See? Not really a huge thing. I mean, sure, Kelly was wrong, but this is the same chick who argued that Santa Claus was White (Psst! He’s not real!). But you wouldn’t think the situation played out like that based on every report of it on the internet. It was Racist Megyn Kelly Strikes Again! And Tone-Deaf Kelly Doesn’t Understand Racism of Blackface! Um, did you watch the same clip I did?

Let’s point out a few things. First of all, her audience was ’bout it ’bout it when it came to this topic. And it was a diverse audience. I’m not saying what she said was OK, but I’m saying that she was clearly among “her people”. Next, I think it bears pointing out that the topic didn’t really linger. In what’s an 11 minute clip, the whole blackface part took up about 2.5 minutes. It’s not like she dwelled on it, or even tried to argue her side too much. She evoked the image of Real Housewives of New York cast member LuAnn de Lesseps dressed in blackface as Diana Ross, and said, “I thought ‘Maybe she just wanted to be Diana Ross for a day’.” If you ask me, what Kelly said was ignorant, but not racist.

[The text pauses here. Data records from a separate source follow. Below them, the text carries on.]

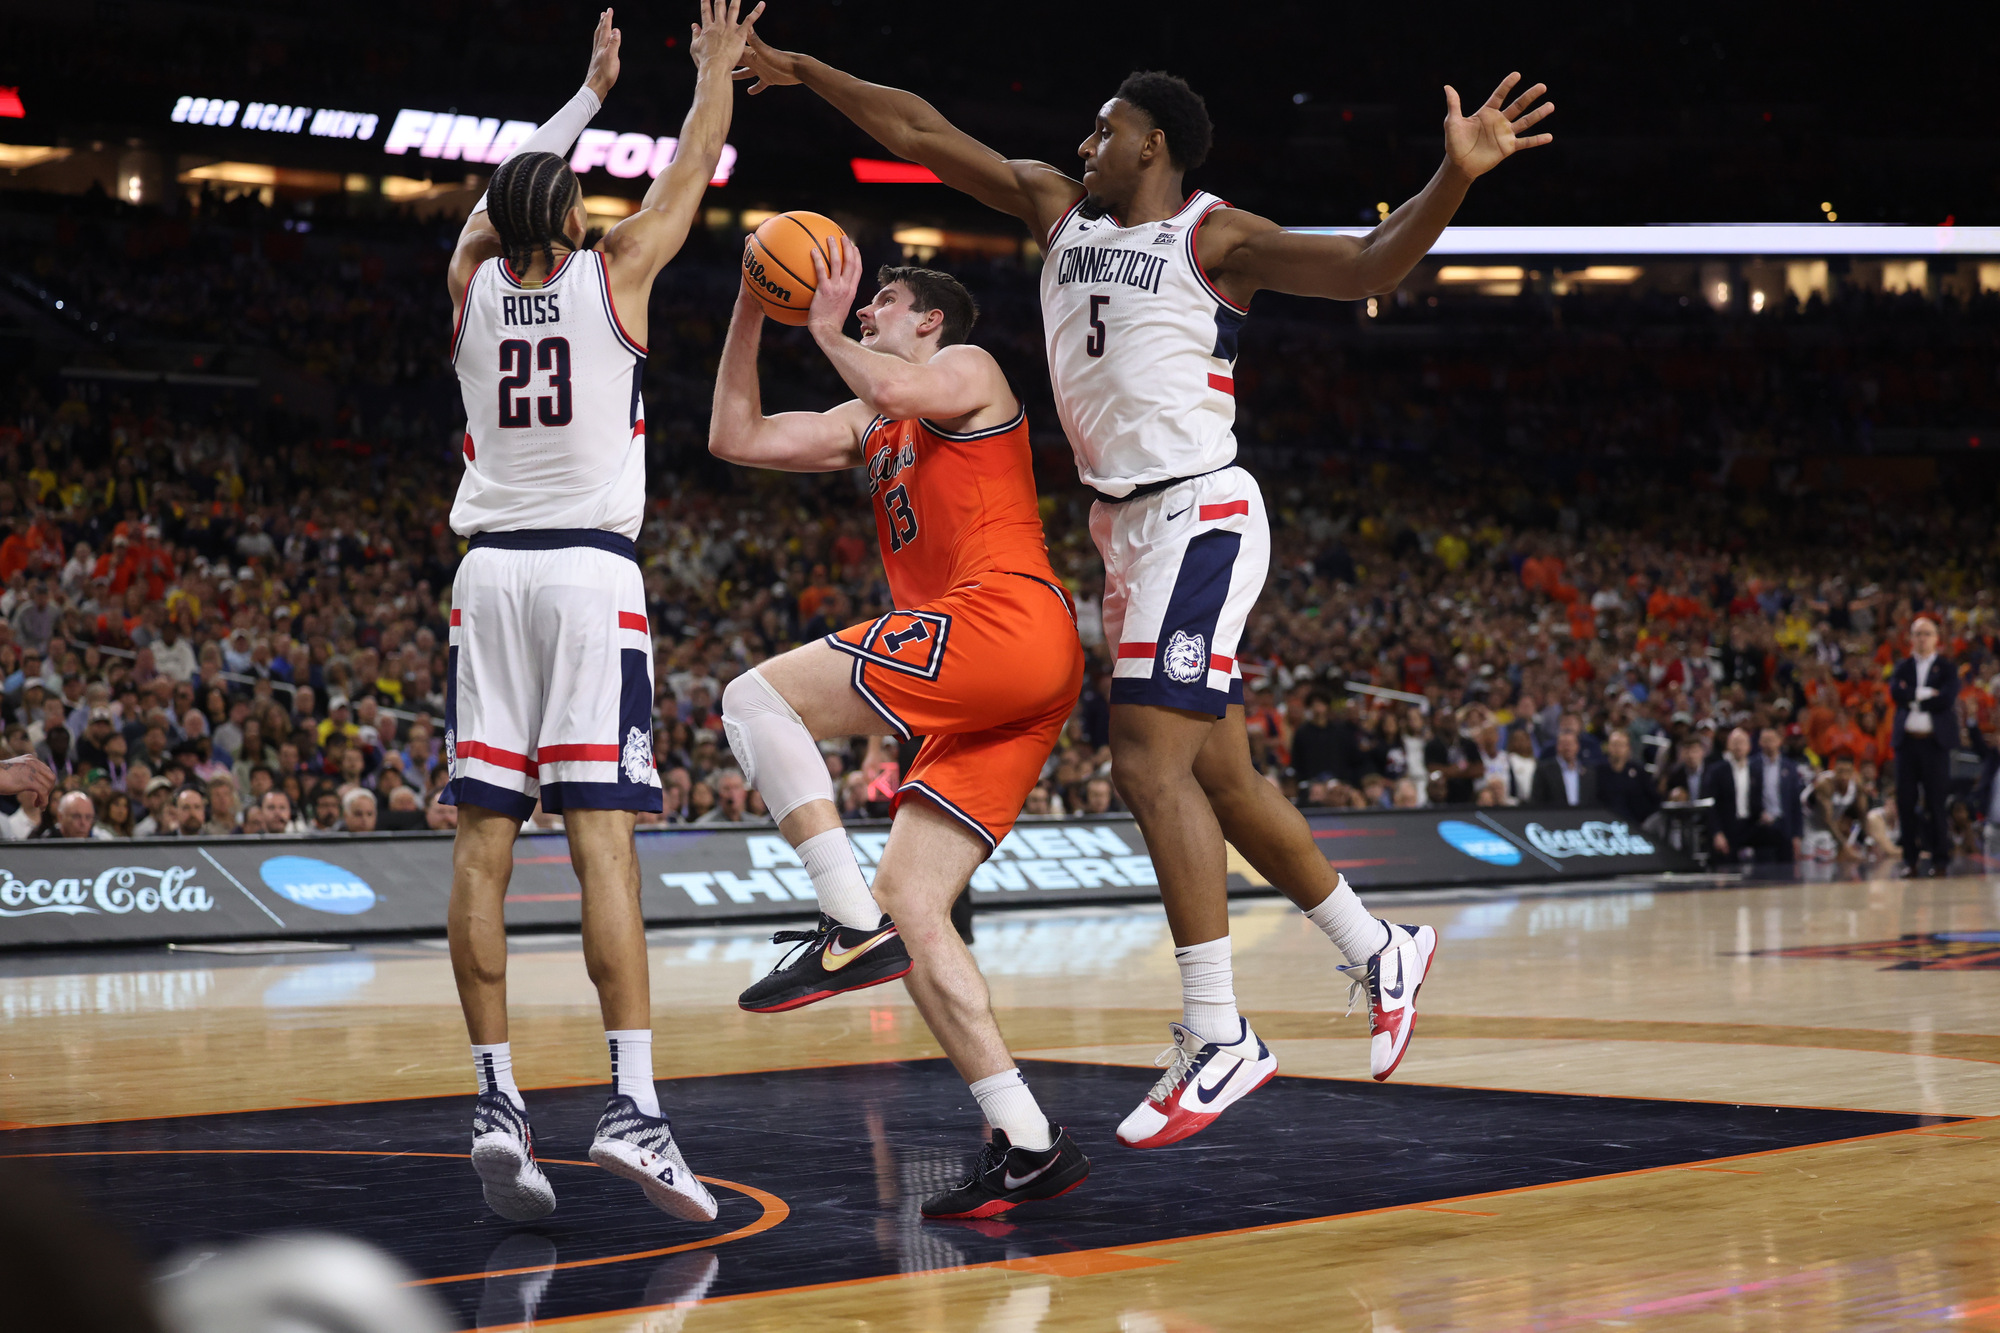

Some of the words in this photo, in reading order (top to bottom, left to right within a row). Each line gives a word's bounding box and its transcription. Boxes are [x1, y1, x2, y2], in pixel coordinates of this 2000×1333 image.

[241, 102, 304, 134] NCAA
[384, 108, 539, 165] FINA
[744, 243, 792, 303] Wilson
[1058, 246, 1168, 295] CONNECTICUT
[502, 294, 560, 326] ROSS
[1086, 294, 1110, 358] 5
[498, 336, 573, 428] 23
[884, 482, 919, 554] 13
[989, 826, 1133, 860] HEN
[284, 882, 375, 900] NCAA
[660, 866, 878, 905] THE
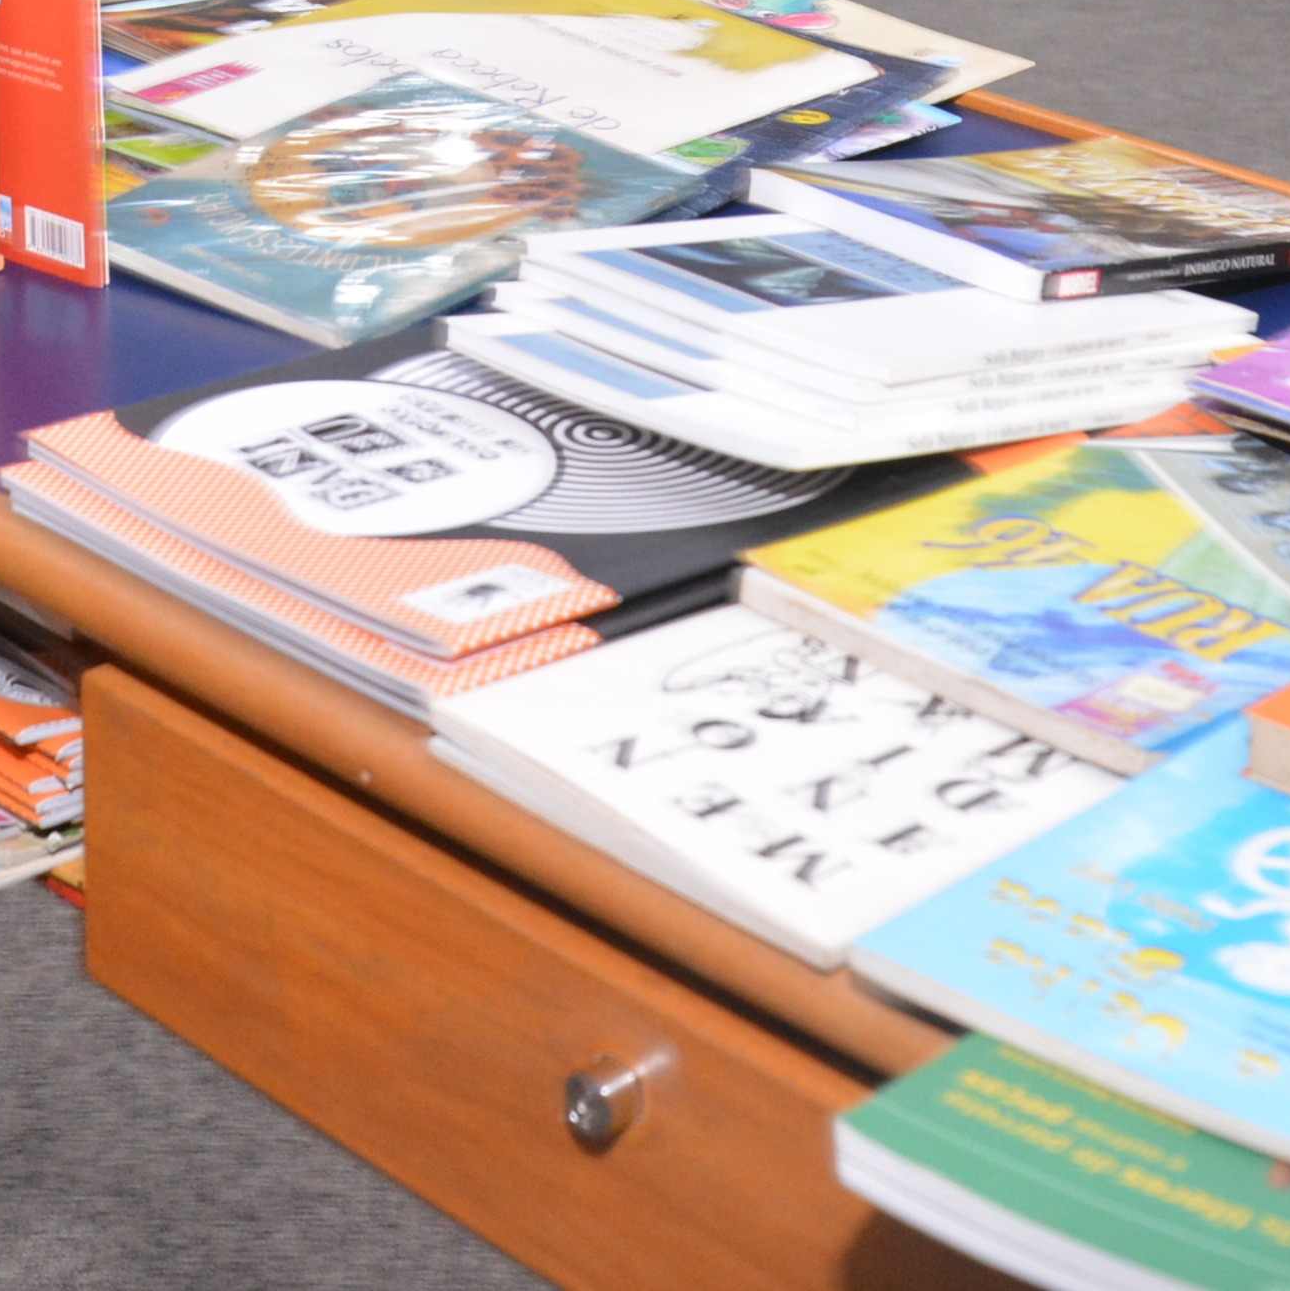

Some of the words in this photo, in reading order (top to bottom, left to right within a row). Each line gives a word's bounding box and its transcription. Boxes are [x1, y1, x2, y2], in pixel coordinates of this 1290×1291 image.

[429, 48, 568, 113] Rebeca
[569, 104, 622, 133] de
[1184, 259, 1229, 278] INIMIGO
[1231, 253, 1276, 272] NATURAL

We live in a society that shuns ignorance. No one wants to be the one to ask the “stupid question”, or admit when they don’t know something. At times this coincides with some dicey topics, like race. You’re not really going to get an understanding, however, unless you confront these things in conversation. We have to talk about things! Yet that’s not how we live. We all pretend to know everything, since all knowledge can be found in the palm of our hand. And when someone deigns to ask a question, the impatient simply retort “Google is your friend.” Great. Good talk.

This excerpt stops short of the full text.